[Recorded data — start]

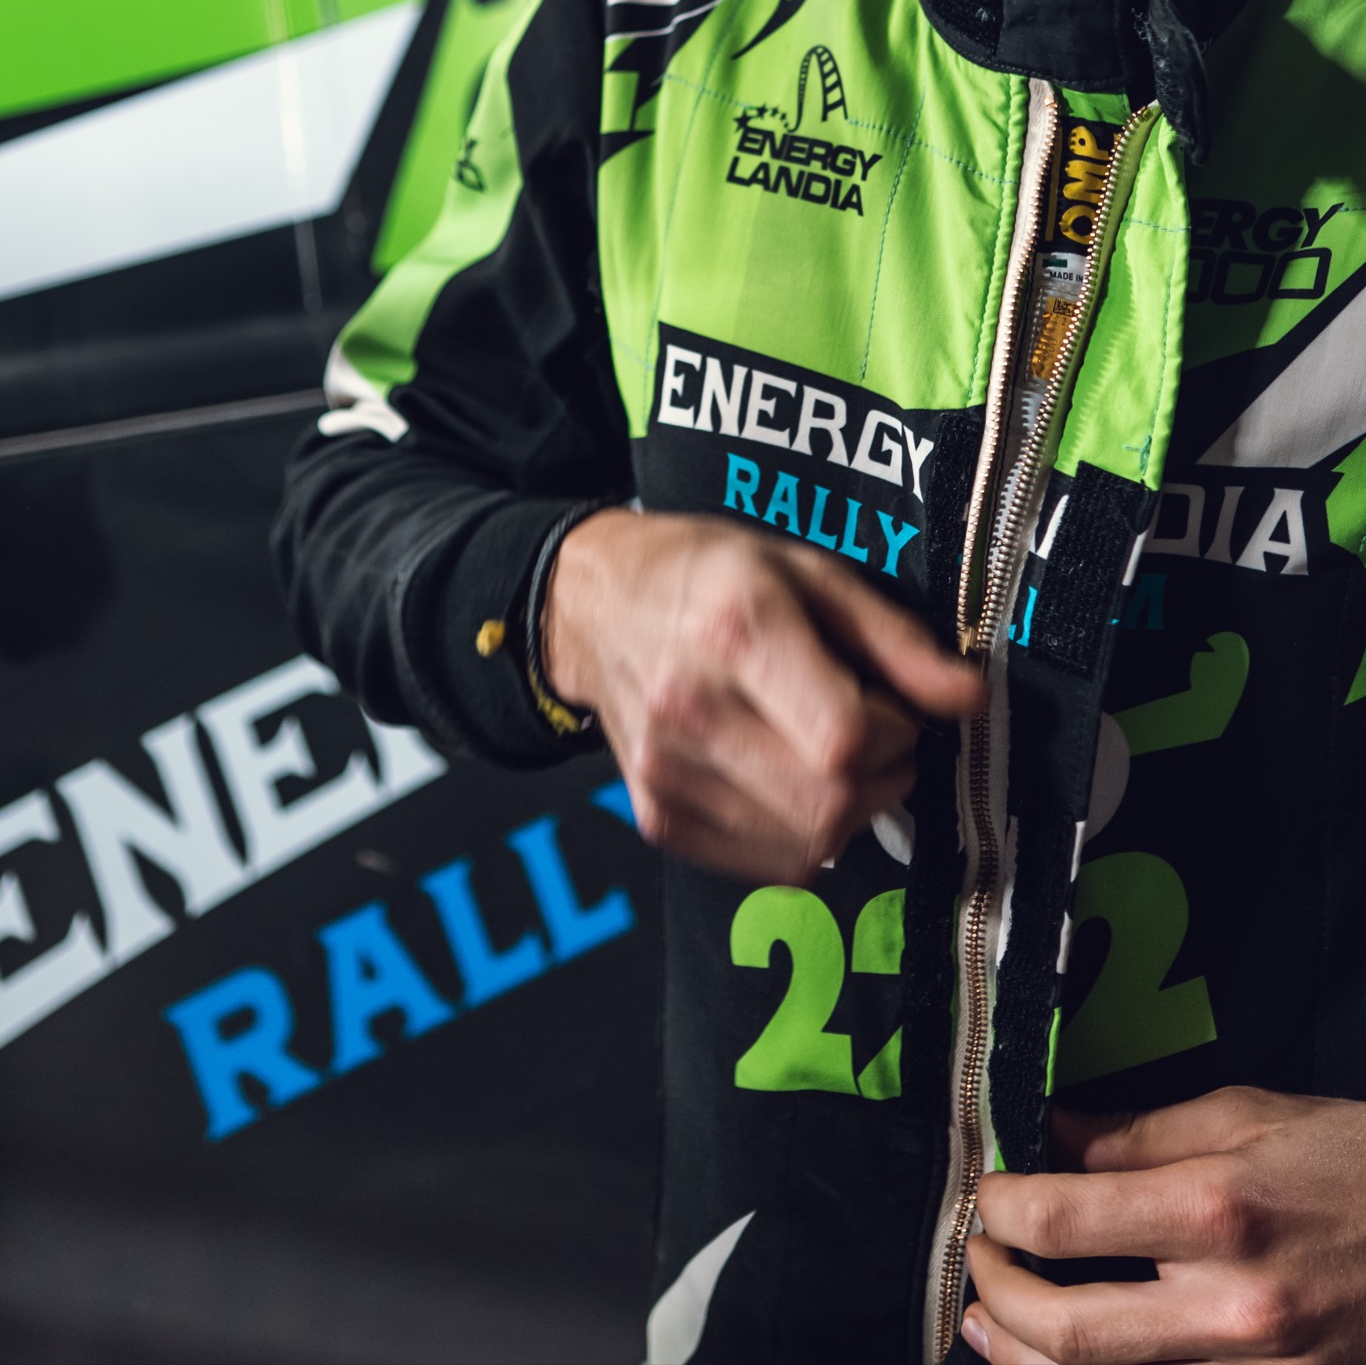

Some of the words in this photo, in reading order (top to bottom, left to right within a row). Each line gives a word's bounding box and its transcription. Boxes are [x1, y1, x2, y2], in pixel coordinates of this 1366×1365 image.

[736, 125, 884, 183] ENERGY
[1059, 124, 1111, 246] OMP
[725, 155, 865, 217] LANDIA
[1189, 197, 1345, 252] ERGY
[1049, 271, 1074, 281] MADE
[1075, 274, 1084, 283] IN
[656, 343, 935, 505] ENERGY
[722, 451, 921, 579] RALLY
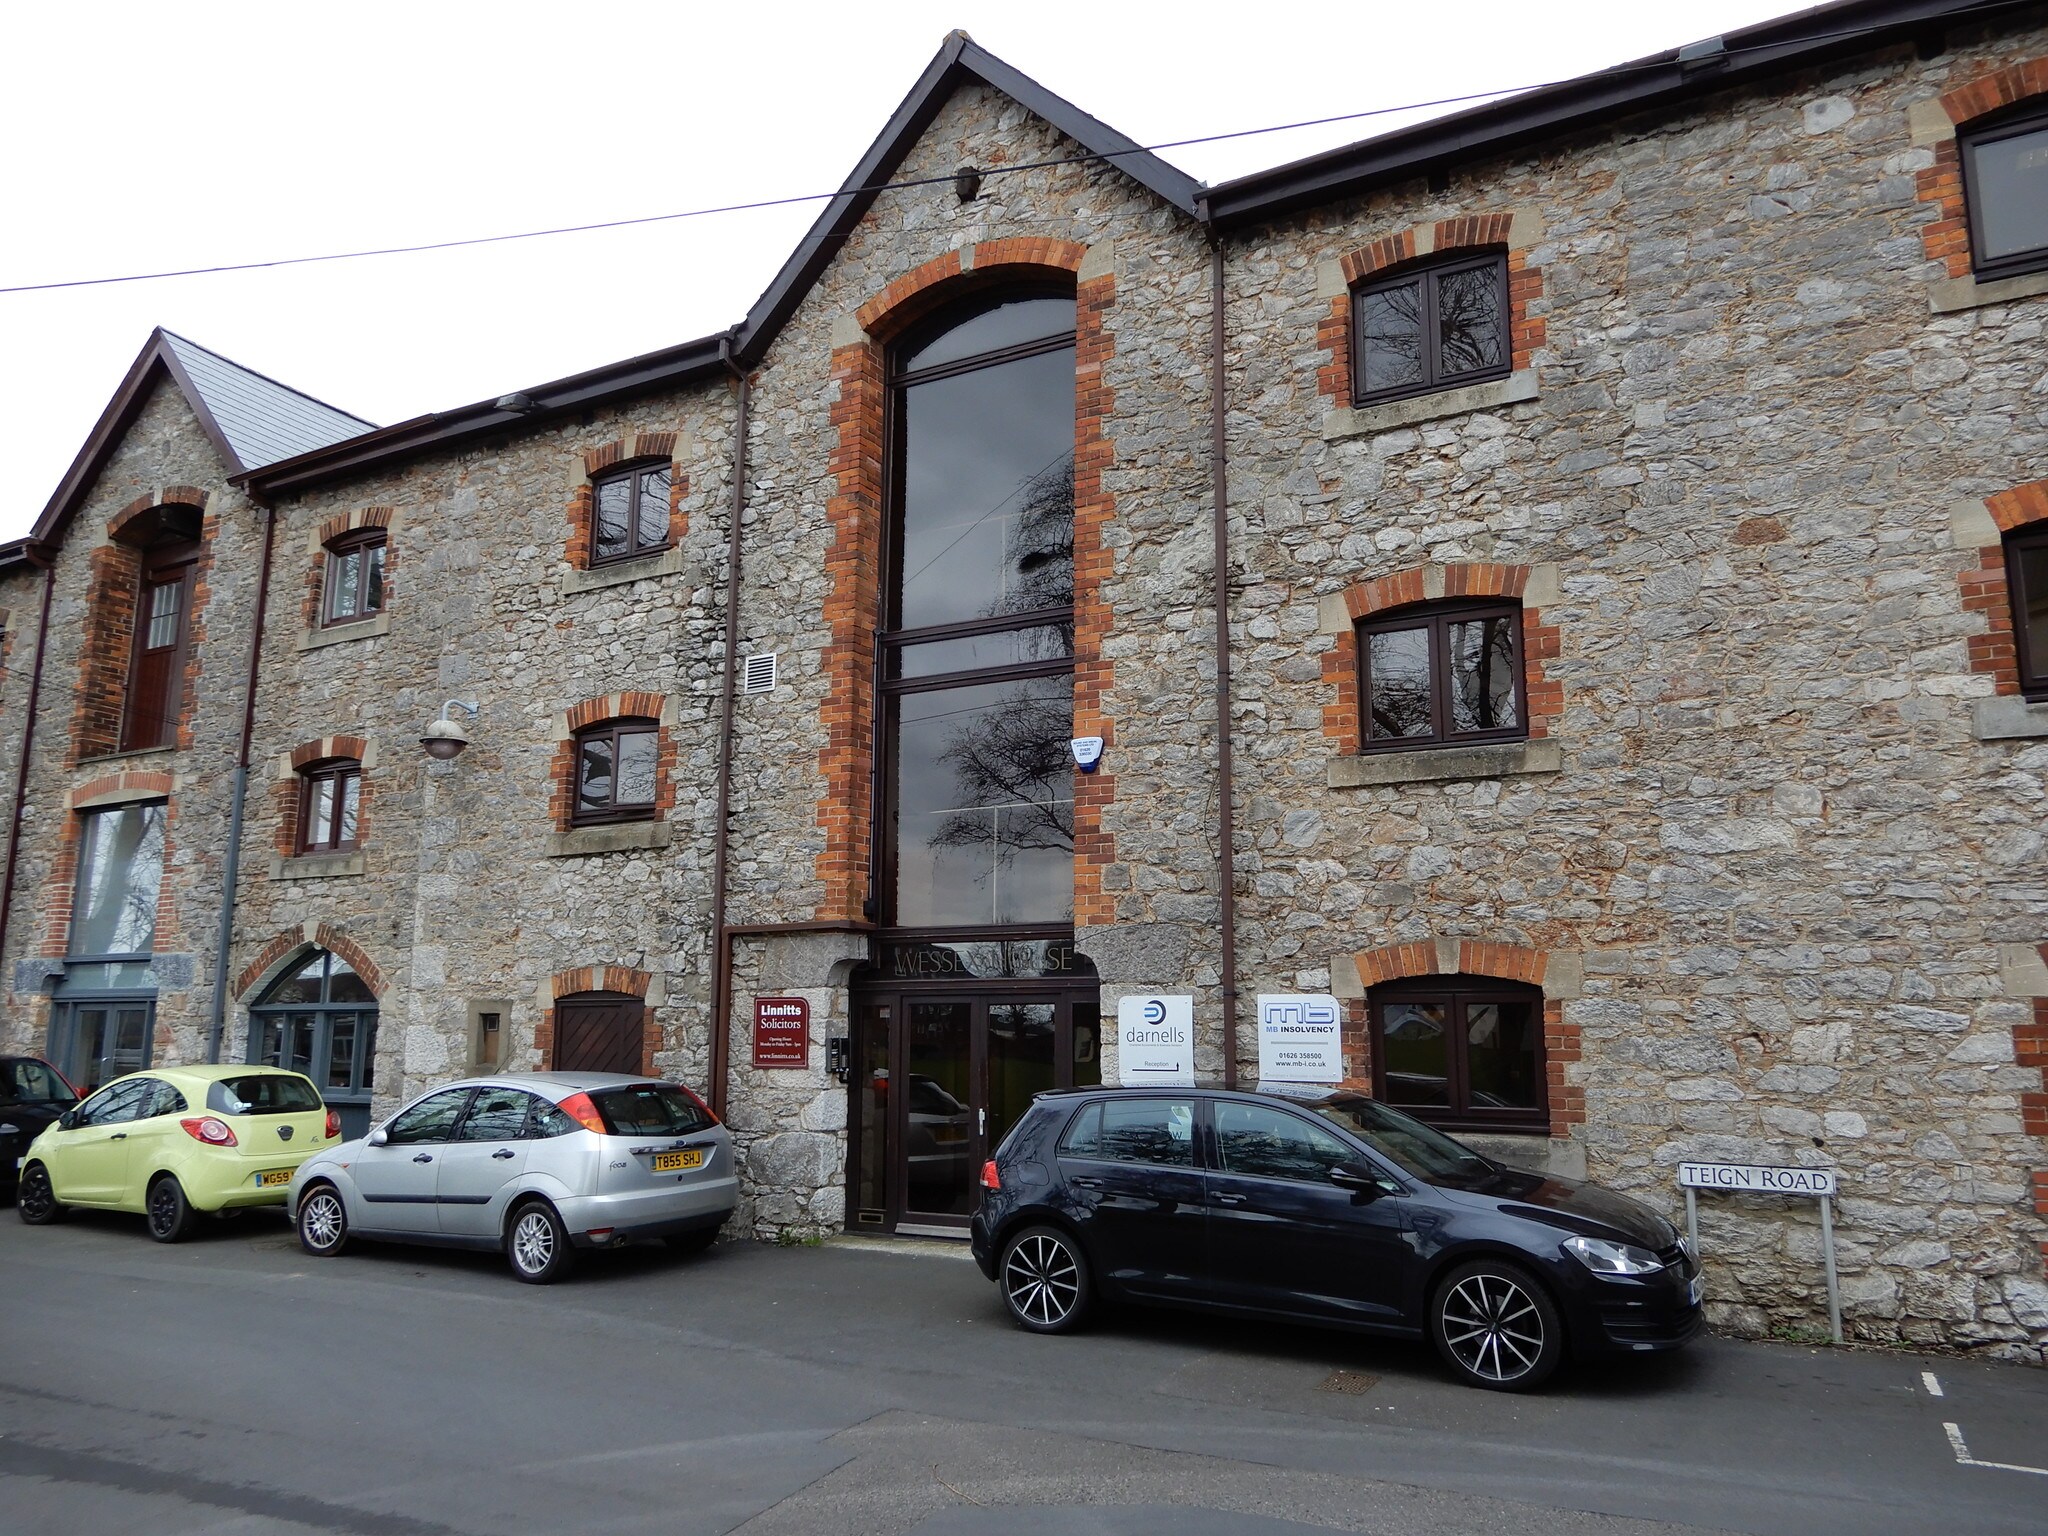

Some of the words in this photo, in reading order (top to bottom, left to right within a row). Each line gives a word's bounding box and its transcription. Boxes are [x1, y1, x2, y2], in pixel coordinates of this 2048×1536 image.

[895, 951, 981, 973] WESSEX
[761, 1005, 801, 1016] Linnitts
[761, 1018, 801, 1029] Solicitors
[1126, 1027, 1184, 1043] darnells
[657, 1155, 682, 1169] T855
[684, 1152, 701, 1166] SHJ
[263, 1172, 290, 1184] WG59
[1685, 1167, 1750, 1186] TEIGN
[1762, 1170, 1828, 1190] ROAD

[Recorded data — finish]

* **Task objective**: Beginning with the line that contains "this 2048×1536 image." and ending with the last line of the data above, return those lines exactly and nothing else.

* **Reply to the task**:
Some of the words in this photo, in reading order (top to bottom, left to right within a row). Each line gives a word's bounding box and its transcription. Boxes are [x1, y1, x2, y2], in pixel coordinates of this 2048×1536 image.

[895, 951, 981, 973] WESSEX
[761, 1005, 801, 1016] Linnitts
[761, 1018, 801, 1029] Solicitors
[1126, 1027, 1184, 1043] darnells
[657, 1155, 682, 1169] T855
[684, 1152, 701, 1166] SHJ
[263, 1172, 290, 1184] WG59
[1685, 1167, 1750, 1186] TEIGN
[1762, 1170, 1828, 1190] ROAD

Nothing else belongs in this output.